→ **Directions for this task**:
Make an exact copy of the records, and keep the pictures out of it.

Referring expression grounding data:
● ● ●

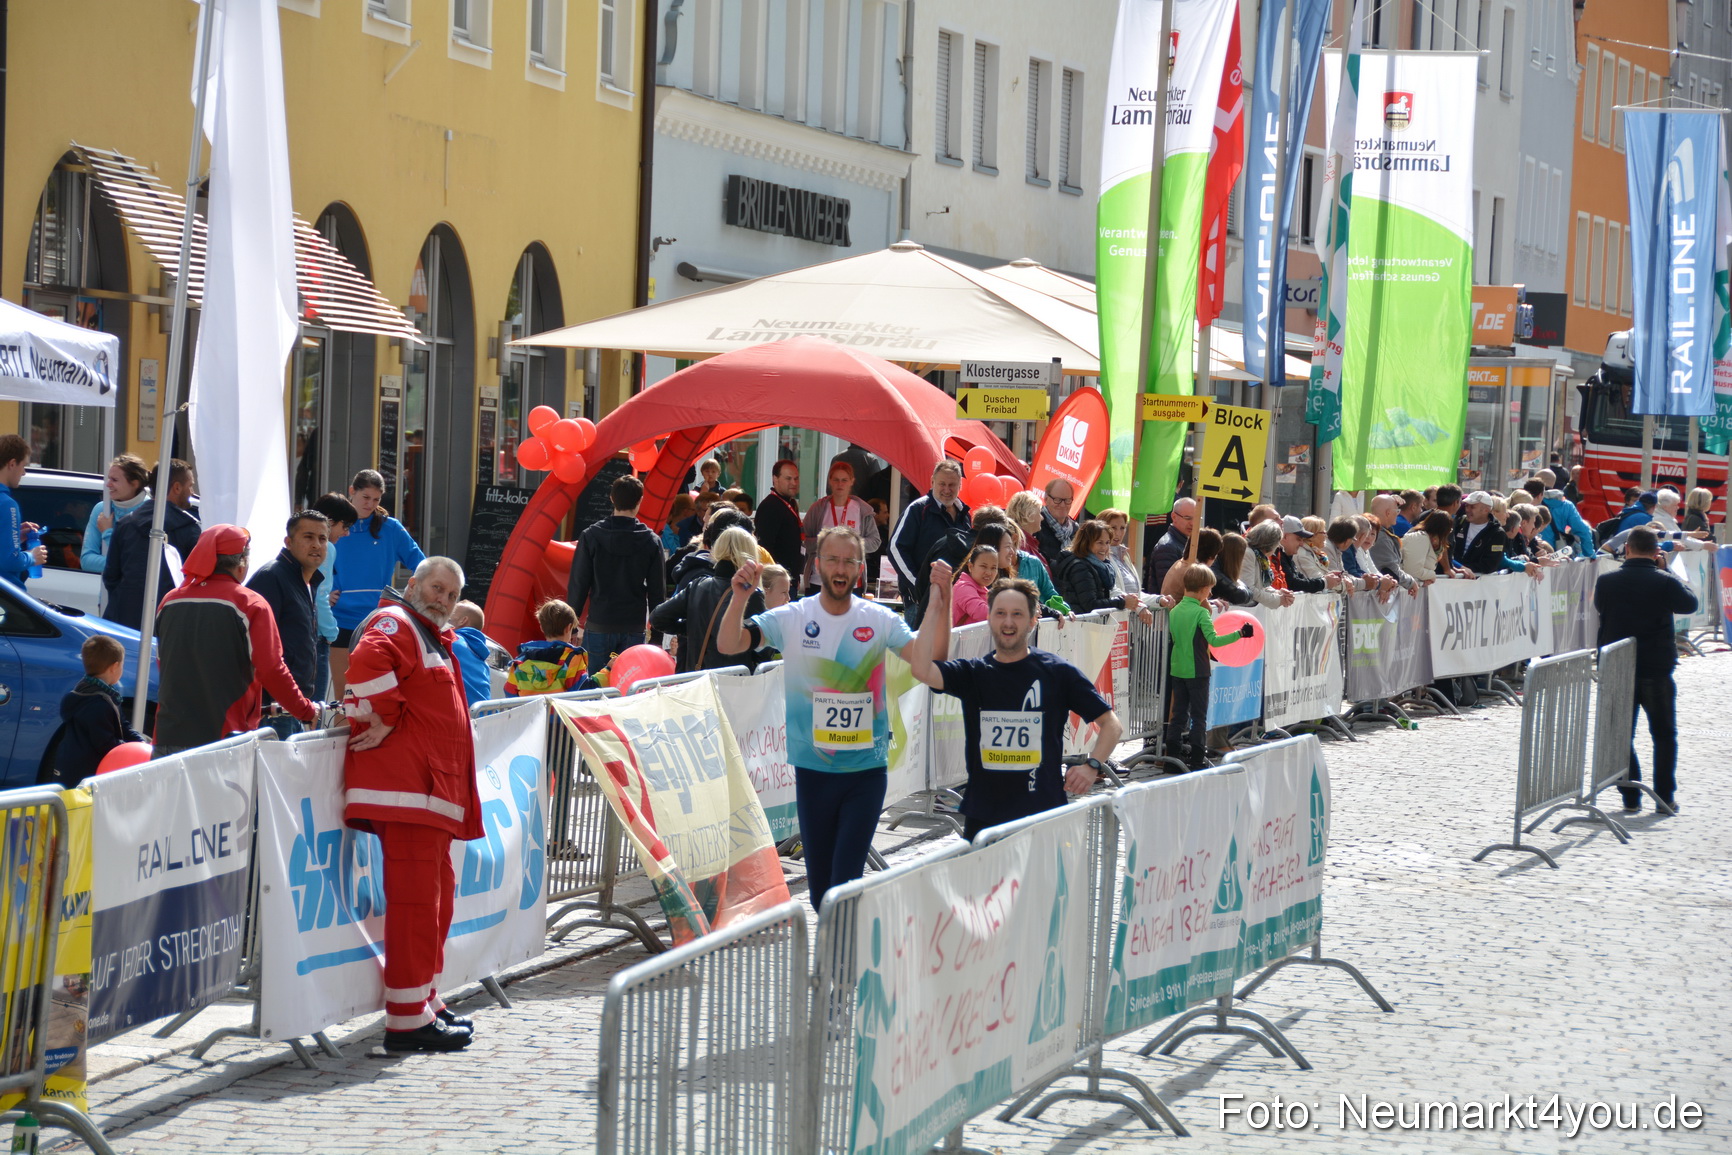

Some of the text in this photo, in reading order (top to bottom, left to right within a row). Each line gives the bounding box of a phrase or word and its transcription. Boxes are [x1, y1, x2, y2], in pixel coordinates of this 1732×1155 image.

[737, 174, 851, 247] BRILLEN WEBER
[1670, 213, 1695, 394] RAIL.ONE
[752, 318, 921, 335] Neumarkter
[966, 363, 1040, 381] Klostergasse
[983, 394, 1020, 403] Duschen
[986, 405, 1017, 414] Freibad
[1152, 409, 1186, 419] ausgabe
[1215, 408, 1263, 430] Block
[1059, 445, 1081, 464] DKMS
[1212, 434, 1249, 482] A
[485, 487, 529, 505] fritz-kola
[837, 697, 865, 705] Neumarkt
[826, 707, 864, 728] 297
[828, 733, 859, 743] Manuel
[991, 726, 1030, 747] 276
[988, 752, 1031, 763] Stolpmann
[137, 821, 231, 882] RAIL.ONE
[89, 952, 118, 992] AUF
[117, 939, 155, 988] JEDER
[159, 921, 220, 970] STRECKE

● ● ●

→ **Answer box**:
Some of the text in this photo, in reading order (top to bottom, left to right within a row). Each line gives the bounding box of a phrase or word and its transcription. Boxes are [x1, y1, x2, y2], in pixel coordinates of this 1732×1155 image.

[737, 174, 851, 247] BRILLEN WEBER
[1670, 213, 1695, 394] RAIL.ONE
[752, 318, 921, 335] Neumarkter
[966, 363, 1040, 381] Klostergasse
[983, 394, 1020, 403] Duschen
[986, 405, 1017, 414] Freibad
[1152, 409, 1186, 419] ausgabe
[1215, 408, 1263, 430] Block
[1059, 445, 1081, 464] DKMS
[1212, 434, 1249, 482] A
[485, 487, 529, 505] fritz-kola
[837, 697, 865, 705] Neumarkt
[826, 707, 864, 728] 297
[828, 733, 859, 743] Manuel
[991, 726, 1030, 747] 276
[988, 752, 1031, 763] Stolpmann
[137, 821, 231, 882] RAIL.ONE
[89, 952, 118, 992] AUF
[117, 939, 155, 988] JEDER
[159, 921, 220, 970] STRECKE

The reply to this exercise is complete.